The records below are to be transcribed in full, exactly as given.
- - - - - - -
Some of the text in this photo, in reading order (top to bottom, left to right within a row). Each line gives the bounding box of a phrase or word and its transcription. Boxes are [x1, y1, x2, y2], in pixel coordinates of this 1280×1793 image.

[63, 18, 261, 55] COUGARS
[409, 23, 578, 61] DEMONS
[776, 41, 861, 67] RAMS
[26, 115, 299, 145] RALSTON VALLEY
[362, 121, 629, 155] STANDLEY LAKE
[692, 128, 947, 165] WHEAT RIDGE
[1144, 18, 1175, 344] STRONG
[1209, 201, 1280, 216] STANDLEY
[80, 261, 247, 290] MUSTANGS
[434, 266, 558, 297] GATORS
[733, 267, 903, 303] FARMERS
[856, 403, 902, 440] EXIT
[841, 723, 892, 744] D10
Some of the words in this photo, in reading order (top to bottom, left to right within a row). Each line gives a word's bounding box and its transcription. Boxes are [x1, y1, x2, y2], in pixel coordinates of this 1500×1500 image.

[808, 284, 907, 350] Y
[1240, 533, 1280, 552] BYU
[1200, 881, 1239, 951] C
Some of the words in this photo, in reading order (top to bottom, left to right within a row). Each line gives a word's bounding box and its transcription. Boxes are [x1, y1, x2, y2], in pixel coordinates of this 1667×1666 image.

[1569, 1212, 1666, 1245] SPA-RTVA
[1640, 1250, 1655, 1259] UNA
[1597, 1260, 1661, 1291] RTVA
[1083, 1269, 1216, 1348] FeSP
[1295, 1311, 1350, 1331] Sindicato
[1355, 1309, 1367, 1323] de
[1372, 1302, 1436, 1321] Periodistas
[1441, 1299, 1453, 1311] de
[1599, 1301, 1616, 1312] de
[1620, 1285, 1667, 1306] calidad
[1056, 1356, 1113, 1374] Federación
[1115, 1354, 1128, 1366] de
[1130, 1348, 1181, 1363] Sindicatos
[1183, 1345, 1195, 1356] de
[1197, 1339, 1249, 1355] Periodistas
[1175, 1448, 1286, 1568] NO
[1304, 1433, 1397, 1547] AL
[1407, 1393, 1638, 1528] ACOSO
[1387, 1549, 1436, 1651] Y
- - - - - - -
FINISHED EXERCISE:
Some of the text in this photo, in reading order (top to bottom, left to right within a row). Each line gives the bounding box of a phrase or word and its transcription. Boxes are [x1, y1, x2, y2], in pixel coordinates of this 1280×1793 image.

[63, 18, 261, 55] COUGARS
[409, 23, 578, 61] DEMONS
[776, 41, 861, 67] RAMS
[26, 115, 299, 145] RALSTON VALLEY
[362, 121, 629, 155] STANDLEY LAKE
[692, 128, 947, 165] WHEAT RIDGE
[1144, 18, 1175, 344] STRONG
[1209, 201, 1280, 216] STANDLEY
[80, 261, 247, 290] MUSTANGS
[434, 266, 558, 297] GATORS
[733, 267, 903, 303] FARMERS
[856, 403, 902, 440] EXIT
[841, 723, 892, 744] D10
Some of the words in this photo, in reading order (top to bottom, left to right within a row). Each line gives a word's bounding box and its transcription. Boxes are [x1, y1, x2, y2], in pixel coordinates of this 1500×1500 image.

[808, 284, 907, 350] Y
[1240, 533, 1280, 552] BYU
[1200, 881, 1239, 951] C
Some of the words in this photo, in reading order (top to bottom, left to right within a row). Each line gives a word's bounding box and its transcription. Boxes are [x1, y1, x2, y2], in pixel coordinates of this 1667×1666 image.

[1569, 1212, 1666, 1245] SPA-RTVA
[1640, 1250, 1655, 1259] UNA
[1597, 1260, 1661, 1291] RTVA
[1083, 1269, 1216, 1348] FeSP
[1295, 1311, 1350, 1331] Sindicato
[1355, 1309, 1367, 1323] de
[1372, 1302, 1436, 1321] Periodistas
[1441, 1299, 1453, 1311] de
[1599, 1301, 1616, 1312] de
[1620, 1285, 1667, 1306] calidad
[1056, 1356, 1113, 1374] Federación
[1115, 1354, 1128, 1366] de
[1130, 1348, 1181, 1363] Sindicatos
[1183, 1345, 1195, 1356] de
[1197, 1339, 1249, 1355] Periodistas
[1175, 1448, 1286, 1568] NO
[1304, 1433, 1397, 1547] AL
[1407, 1393, 1638, 1528] ACOSO
[1387, 1549, 1436, 1651] Y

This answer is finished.